Global Political Demography: The Politics of Population Change sits at the intersection of demography and political science. Previous generations of demographers and political scientists—and indeed policymakers—would have easily recognized this intersection. Not so much now, however. It is a connection that needs to be actively made, and made visible. Editors Achim Goerres and Pieter Vanhuysse's extensive collaborative program has done just that, now collected into an important and ambitious volume, building from the wide-ranging Global Political Demography Database (https://osf.io/xcvdh/). Over many years, they have built both the database and this team to analyze it, and Global Political Demography stands as a key record of this work. It is a major achievement that will be highly regarded and prove useful across the social sciences and policy-relevant areas.

This is a past-and-present book, hindcasting to 1990 and forecasting to 2040. We benefit from many expert assessments of regional change and population dynamics, looking a generation back and a generation forward. Its scope is global and is cut two ways: thematically and geographically. A useful set of scoping chapters review migration (Skeldon), youthful age structures (Cincotta and Weber), and poverty and religious affiliation (Skirbekk and Navarro). Then we learn about demographic changes and their political implications across the world, in South Asia and East and Southeast Asia; in sub-Saharan Africa; in South and North America; in Western, Central, and Eastern Europe; and Australasia. Pulling this many geographically focused experts together, and into such coherent order, is a significant accomplishment.

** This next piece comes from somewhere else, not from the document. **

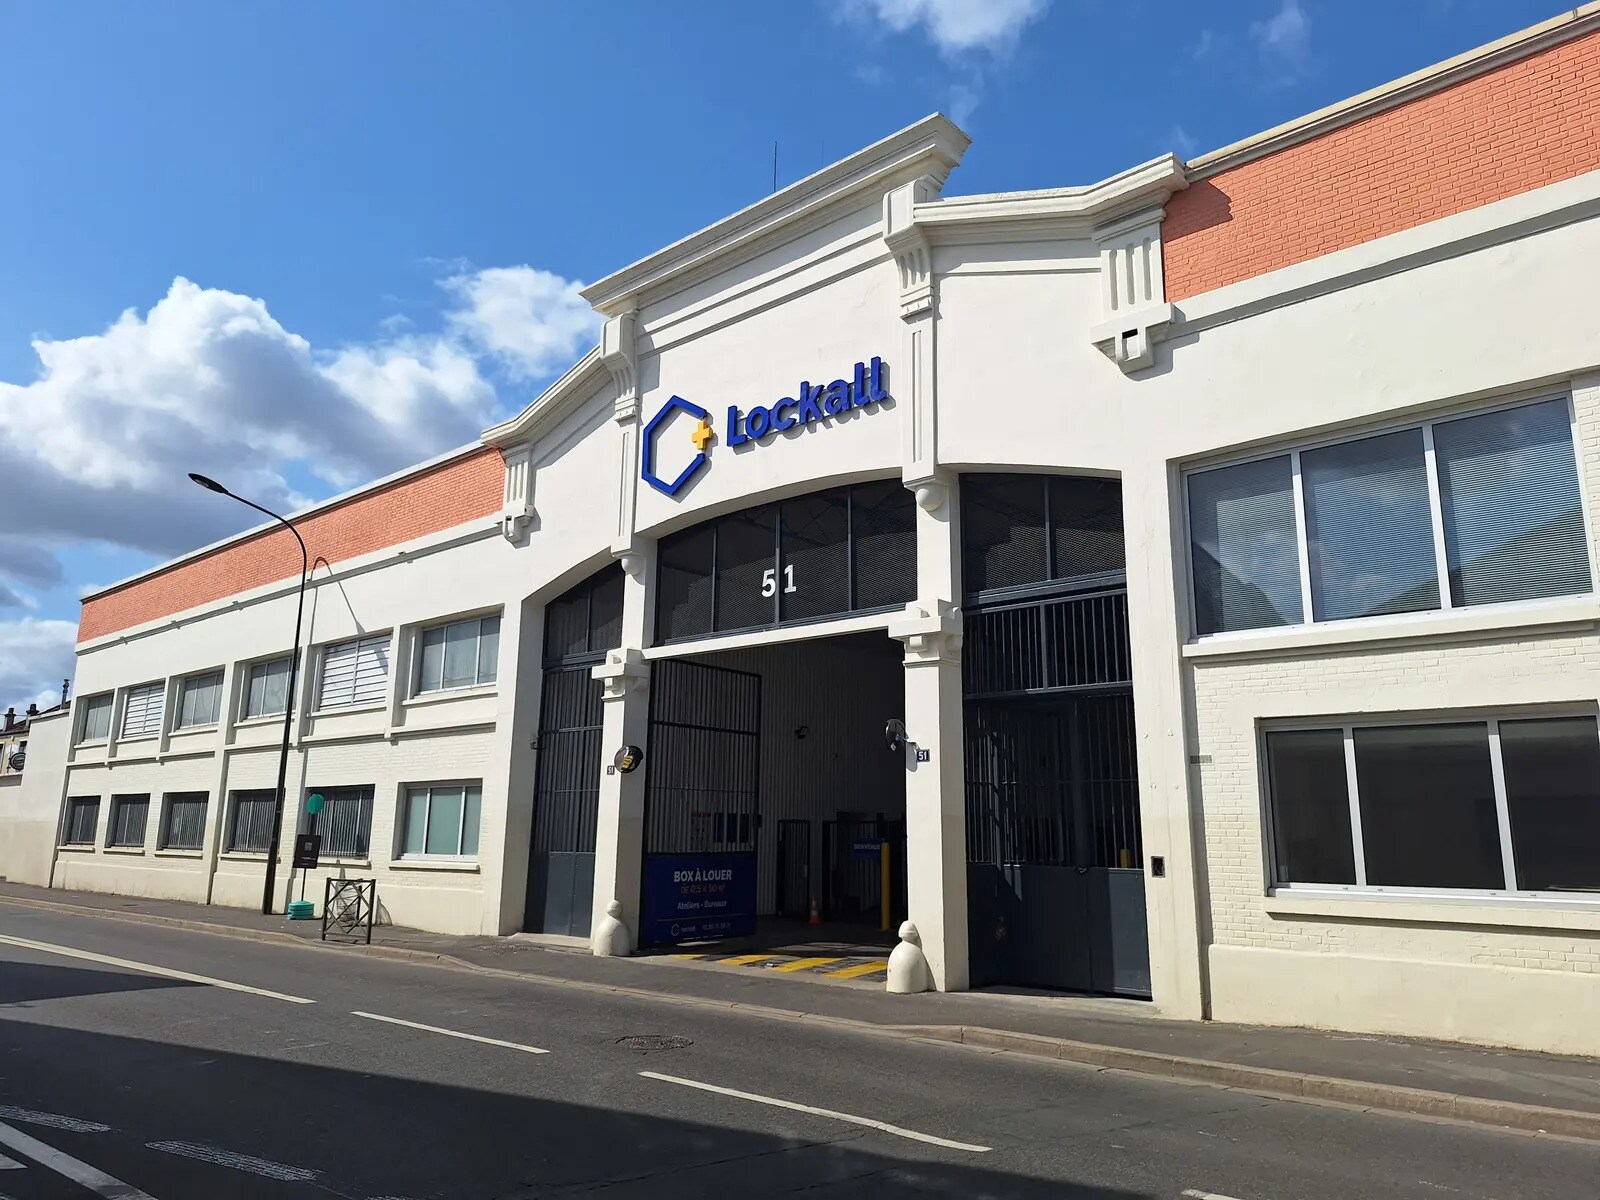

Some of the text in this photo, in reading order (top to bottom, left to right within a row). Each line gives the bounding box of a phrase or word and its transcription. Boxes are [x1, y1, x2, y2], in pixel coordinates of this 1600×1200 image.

At its most basic, the contributors’ conception of political demography is tied to analyzing the implications of changing demographic profiles to political influence, as voting blocs, for example. How can we assess likely changes to public policy or political order, especially in the light of changing age structures and composition, both aging and youth bulges? While we are used to understanding aging as a welfare problem for twenty-first-century states, the editors’ focus—extended by many of the authors—turns rather more to a future shaped by “grey power” voting, proelderly policymaking, and even “gerontocracy.” It is a regionally specific problem, or trend, of course. This is part of what the book highlights: regions and nations that already hold considerable global power are aging; poorer countries, by contrast, generally have youth bulges. We have data and analysis here to compare policy responses to aging in Japan, China, South Asia, the United States and Canada, and western Europe, for example.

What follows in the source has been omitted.